A friend just sent me a copy of this Fox News video:
http://www.metacafe.com/watch/128967/water_as_fuel/

As he was telling me about it, I immediately thought "perpetual motion
scam", but watching the video and then checking
out their web site http://hytechapps.com/index.html, it seems their claims
aren't quite that outlandish, though I'm still pretty
suspicious.  Sadly the news report is fairly lightweight and fails to ask
any probing questions or technical details.

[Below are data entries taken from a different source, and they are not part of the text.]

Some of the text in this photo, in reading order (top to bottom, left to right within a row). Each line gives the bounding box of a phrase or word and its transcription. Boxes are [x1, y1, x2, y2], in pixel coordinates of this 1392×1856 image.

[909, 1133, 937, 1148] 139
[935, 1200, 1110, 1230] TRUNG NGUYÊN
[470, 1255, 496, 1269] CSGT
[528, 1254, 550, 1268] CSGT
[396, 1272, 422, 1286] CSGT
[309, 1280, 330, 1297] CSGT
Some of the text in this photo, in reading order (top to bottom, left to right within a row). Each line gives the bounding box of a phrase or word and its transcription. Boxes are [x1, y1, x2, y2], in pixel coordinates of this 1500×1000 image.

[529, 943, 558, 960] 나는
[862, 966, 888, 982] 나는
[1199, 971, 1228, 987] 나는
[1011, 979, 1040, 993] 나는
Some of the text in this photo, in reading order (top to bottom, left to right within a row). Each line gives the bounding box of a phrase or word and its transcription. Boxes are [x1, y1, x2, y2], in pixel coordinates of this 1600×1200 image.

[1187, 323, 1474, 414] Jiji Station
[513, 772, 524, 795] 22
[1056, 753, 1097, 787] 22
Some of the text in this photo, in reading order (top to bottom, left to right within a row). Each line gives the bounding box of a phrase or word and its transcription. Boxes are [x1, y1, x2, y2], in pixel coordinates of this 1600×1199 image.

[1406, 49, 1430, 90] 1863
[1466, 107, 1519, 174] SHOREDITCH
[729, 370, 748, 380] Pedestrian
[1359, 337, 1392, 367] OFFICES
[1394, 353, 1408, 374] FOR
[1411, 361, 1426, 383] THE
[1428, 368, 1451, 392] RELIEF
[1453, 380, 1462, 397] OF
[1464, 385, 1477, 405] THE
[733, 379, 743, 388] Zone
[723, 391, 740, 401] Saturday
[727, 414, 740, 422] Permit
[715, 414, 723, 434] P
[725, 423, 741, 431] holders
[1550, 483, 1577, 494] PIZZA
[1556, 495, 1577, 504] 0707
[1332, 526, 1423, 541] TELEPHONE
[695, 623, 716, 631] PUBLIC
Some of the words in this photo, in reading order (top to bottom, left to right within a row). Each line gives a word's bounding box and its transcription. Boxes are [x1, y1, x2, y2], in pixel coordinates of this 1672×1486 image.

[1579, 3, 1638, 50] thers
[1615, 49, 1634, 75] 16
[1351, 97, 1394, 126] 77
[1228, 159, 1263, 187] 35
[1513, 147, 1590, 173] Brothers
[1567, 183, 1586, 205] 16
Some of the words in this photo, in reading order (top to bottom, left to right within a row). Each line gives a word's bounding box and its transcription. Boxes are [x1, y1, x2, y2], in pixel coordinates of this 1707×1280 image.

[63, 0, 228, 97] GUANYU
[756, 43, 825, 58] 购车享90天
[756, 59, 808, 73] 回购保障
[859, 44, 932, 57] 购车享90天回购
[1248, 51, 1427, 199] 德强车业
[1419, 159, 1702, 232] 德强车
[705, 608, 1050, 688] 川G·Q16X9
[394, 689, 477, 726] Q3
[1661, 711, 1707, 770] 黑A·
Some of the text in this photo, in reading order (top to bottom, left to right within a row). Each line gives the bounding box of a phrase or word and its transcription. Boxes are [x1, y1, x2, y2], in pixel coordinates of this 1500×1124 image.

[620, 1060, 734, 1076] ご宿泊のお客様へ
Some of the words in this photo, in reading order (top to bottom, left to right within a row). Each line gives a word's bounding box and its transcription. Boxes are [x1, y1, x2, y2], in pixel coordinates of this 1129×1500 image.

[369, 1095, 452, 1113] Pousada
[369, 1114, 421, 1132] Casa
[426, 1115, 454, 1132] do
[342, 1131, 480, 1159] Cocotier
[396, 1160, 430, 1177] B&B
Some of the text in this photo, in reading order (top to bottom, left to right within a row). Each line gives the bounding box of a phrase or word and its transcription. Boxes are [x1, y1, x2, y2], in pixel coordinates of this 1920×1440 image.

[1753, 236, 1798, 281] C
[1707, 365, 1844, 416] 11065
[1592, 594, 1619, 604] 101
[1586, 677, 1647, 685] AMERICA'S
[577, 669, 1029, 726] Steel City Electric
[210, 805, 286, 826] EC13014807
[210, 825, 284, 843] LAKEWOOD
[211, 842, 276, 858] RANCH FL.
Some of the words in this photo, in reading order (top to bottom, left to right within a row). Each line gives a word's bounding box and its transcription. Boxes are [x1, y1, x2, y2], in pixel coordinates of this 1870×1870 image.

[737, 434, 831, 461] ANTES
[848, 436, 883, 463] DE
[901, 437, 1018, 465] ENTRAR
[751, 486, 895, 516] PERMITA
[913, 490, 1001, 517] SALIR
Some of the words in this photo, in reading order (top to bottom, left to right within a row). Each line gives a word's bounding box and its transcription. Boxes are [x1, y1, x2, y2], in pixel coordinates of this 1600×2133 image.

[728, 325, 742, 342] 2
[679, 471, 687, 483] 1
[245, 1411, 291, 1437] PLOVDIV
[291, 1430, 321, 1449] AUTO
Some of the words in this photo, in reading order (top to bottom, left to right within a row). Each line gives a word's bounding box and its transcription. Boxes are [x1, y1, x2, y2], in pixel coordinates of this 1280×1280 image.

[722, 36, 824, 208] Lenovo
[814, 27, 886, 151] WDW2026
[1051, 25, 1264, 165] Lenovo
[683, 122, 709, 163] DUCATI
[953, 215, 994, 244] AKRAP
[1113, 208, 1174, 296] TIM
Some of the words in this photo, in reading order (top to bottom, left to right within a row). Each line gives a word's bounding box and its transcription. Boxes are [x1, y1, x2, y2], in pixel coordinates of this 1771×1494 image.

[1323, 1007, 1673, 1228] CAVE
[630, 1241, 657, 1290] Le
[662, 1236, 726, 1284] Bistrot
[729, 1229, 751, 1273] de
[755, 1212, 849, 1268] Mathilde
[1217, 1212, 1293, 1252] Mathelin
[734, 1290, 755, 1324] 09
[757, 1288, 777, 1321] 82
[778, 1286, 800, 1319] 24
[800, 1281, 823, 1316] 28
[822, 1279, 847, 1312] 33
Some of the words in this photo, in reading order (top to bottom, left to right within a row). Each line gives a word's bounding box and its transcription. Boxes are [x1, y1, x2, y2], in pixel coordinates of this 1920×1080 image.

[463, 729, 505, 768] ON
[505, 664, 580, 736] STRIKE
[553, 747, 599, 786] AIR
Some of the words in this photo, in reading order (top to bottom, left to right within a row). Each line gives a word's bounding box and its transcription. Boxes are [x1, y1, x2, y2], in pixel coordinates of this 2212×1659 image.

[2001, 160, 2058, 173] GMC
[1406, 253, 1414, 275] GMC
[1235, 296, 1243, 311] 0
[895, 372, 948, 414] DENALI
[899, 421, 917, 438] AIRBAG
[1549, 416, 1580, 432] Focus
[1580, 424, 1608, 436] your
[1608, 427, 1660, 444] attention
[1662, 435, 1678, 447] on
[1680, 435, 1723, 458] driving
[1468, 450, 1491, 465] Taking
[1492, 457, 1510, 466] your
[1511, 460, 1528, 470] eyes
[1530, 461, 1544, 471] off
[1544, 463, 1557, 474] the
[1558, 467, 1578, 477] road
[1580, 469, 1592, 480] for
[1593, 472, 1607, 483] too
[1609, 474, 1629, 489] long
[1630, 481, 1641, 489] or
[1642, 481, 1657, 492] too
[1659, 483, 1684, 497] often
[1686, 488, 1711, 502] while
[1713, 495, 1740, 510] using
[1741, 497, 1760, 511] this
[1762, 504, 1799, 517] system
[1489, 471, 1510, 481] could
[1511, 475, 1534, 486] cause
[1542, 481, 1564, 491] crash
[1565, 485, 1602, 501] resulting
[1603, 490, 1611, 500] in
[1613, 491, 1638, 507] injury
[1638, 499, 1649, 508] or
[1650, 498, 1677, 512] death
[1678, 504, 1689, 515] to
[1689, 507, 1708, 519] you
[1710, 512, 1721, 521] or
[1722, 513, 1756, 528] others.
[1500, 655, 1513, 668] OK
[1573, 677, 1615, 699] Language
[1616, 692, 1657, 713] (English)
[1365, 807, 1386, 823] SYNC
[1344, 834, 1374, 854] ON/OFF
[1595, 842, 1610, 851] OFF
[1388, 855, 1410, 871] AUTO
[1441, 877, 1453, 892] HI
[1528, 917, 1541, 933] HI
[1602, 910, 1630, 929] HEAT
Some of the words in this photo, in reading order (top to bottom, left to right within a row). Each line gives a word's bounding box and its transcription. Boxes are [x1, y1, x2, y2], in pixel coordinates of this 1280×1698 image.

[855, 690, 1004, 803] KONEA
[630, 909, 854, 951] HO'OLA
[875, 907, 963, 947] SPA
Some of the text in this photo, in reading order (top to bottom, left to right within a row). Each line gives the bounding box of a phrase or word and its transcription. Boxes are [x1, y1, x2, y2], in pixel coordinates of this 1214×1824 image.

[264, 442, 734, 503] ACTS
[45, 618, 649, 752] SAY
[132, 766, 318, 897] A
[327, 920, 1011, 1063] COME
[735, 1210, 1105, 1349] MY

From poking around their web site, I've gather that what they claim
- to have created an is a technique/device that can quickly and cheaply
electrolyze water into an apparently "new" form of
water they call "Aquygen" gas or HHO (but still just chemically H20
composition).
- The HHO gas is stable but combustible, and with many unique properties,
some of which are "clear evidence that the gas
has a structure other than a molecular structure, namely, that its chemical
composition includes bonds beyond those of
valence type."  Whatever that means.
- This electrolyzation process is faster and much more electrically
efficient that the traditional method to break water into
2H and O gases.
- The per-pound energy of the HHO gas is 10-12 times that of gasoline.
- In testing, an estimated 4HP of (gas/water hybrid) engine power could
produce enough HHO gas as a fuel supplement to
provide a net 17HP gain.

On the suspicious side:
- In the news report, the guy claims he had the car running on just water
(100 miles on 4 oz!)  but now converted it to be hybrid
gasoline/water.  Why?  Wouldn't a pure water powered car be 1000% more
impressive?
- These guy's whole rinky-dink "garage-workshop" feel and the slim technical
information they do give out makes it seem like
they're "winging it", at best.
- Wouldn't a "chemical bonds beyond those of valence type" be a pretty big
scientific thing?  Why no researchers besides that
guy from Italy?

On the "legit" side:
- The news reports statements out them building a hummer for the
army, demoing for Conngress, talking with automaker, etc, if true,
makes me think they must have some credibility.  I'd have to believe that
before before the Army, automaker, etc gave them a second
glance, they'd have to at least have passed a first- or second-order BS
filter by some people a lot more knowledgeable than me.